Aim of the task:
Every single record needs to be restated word for word.

The input:

........

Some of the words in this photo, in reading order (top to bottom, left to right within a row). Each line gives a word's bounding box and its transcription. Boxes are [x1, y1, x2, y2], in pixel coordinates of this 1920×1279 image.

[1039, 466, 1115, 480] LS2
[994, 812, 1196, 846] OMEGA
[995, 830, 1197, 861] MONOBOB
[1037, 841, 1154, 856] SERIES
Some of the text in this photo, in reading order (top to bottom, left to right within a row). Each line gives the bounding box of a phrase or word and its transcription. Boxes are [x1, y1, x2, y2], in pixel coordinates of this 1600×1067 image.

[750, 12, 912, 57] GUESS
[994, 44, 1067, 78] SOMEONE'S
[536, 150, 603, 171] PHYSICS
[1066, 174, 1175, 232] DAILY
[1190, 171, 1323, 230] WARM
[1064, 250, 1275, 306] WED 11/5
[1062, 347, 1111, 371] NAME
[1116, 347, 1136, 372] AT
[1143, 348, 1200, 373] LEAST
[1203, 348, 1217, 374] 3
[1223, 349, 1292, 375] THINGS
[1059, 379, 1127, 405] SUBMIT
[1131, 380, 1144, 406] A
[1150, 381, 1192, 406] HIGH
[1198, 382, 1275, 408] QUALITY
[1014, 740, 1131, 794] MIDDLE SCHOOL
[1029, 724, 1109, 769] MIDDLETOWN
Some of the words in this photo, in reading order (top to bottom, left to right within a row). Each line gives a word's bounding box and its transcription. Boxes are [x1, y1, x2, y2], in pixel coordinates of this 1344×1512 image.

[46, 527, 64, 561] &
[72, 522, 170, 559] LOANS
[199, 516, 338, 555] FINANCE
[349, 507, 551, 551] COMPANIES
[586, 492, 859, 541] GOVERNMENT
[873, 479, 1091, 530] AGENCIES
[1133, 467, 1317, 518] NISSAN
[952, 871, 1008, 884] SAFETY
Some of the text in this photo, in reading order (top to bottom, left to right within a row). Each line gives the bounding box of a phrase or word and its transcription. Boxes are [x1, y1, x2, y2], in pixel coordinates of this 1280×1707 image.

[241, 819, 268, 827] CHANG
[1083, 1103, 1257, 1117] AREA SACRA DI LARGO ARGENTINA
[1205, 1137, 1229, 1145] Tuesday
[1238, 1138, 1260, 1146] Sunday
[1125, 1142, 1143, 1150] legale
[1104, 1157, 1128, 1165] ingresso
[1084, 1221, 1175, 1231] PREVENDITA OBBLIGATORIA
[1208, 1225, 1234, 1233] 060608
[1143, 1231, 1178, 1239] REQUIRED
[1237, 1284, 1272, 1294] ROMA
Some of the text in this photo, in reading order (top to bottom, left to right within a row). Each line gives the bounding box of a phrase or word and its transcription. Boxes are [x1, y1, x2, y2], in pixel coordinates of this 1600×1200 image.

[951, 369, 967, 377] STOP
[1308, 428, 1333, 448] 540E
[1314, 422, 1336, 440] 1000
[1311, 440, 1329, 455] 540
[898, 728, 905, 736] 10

........

Completed exercise:
Some of the words in this photo, in reading order (top to bottom, left to right within a row). Each line gives a word's bounding box and its transcription. Boxes are [x1, y1, x2, y2], in pixel coordinates of this 1920×1279 image.

[1039, 466, 1115, 480] LS2
[994, 812, 1196, 846] OMEGA
[995, 830, 1197, 861] MONOBOB
[1037, 841, 1154, 856] SERIES
Some of the text in this photo, in reading order (top to bottom, left to right within a row). Each line gives the bounding box of a phrase or word and its transcription. Boxes are [x1, y1, x2, y2], in pixel coordinates of this 1600×1067 image.

[750, 12, 912, 57] GUESS
[994, 44, 1067, 78] SOMEONE'S
[536, 150, 603, 171] PHYSICS
[1066, 174, 1175, 232] DAILY
[1190, 171, 1323, 230] WARM
[1064, 250, 1275, 306] WED 11/5
[1062, 347, 1111, 371] NAME
[1116, 347, 1136, 372] AT
[1143, 348, 1200, 373] LEAST
[1203, 348, 1217, 374] 3
[1223, 349, 1292, 375] THINGS
[1059, 379, 1127, 405] SUBMIT
[1131, 380, 1144, 406] A
[1150, 381, 1192, 406] HIGH
[1198, 382, 1275, 408] QUALITY
[1014, 740, 1131, 794] MIDDLE SCHOOL
[1029, 724, 1109, 769] MIDDLETOWN
Some of the words in this photo, in reading order (top to bottom, left to right within a row). Each line gives a word's bounding box and its transcription. Boxes are [x1, y1, x2, y2], in pixel coordinates of this 1344×1512 image.

[46, 527, 64, 561] &
[72, 522, 170, 559] LOANS
[199, 516, 338, 555] FINANCE
[349, 507, 551, 551] COMPANIES
[586, 492, 859, 541] GOVERNMENT
[873, 479, 1091, 530] AGENCIES
[1133, 467, 1317, 518] NISSAN
[952, 871, 1008, 884] SAFETY
Some of the text in this photo, in reading order (top to bottom, left to right within a row). Each line gives the bounding box of a phrase or word and its transcription. Boxes are [x1, y1, x2, y2], in pixel coordinates of this 1280×1707 image.

[241, 819, 268, 827] CHANG
[1083, 1103, 1257, 1117] AREA SACRA DI LARGO ARGENTINA
[1205, 1137, 1229, 1145] Tuesday
[1238, 1138, 1260, 1146] Sunday
[1125, 1142, 1143, 1150] legale
[1104, 1157, 1128, 1165] ingresso
[1084, 1221, 1175, 1231] PREVENDITA OBBLIGATORIA
[1208, 1225, 1234, 1233] 060608
[1143, 1231, 1178, 1239] REQUIRED
[1237, 1284, 1272, 1294] ROMA
Some of the text in this photo, in reading order (top to bottom, left to right within a row). Each line gives the bounding box of a phrase or word and its transcription. Boxes are [x1, y1, x2, y2], in pixel coordinates of this 1600×1200 image.

[951, 369, 967, 377] STOP
[1308, 428, 1333, 448] 540E
[1314, 422, 1336, 440] 1000
[1311, 440, 1329, 455] 540
[898, 728, 905, 736] 10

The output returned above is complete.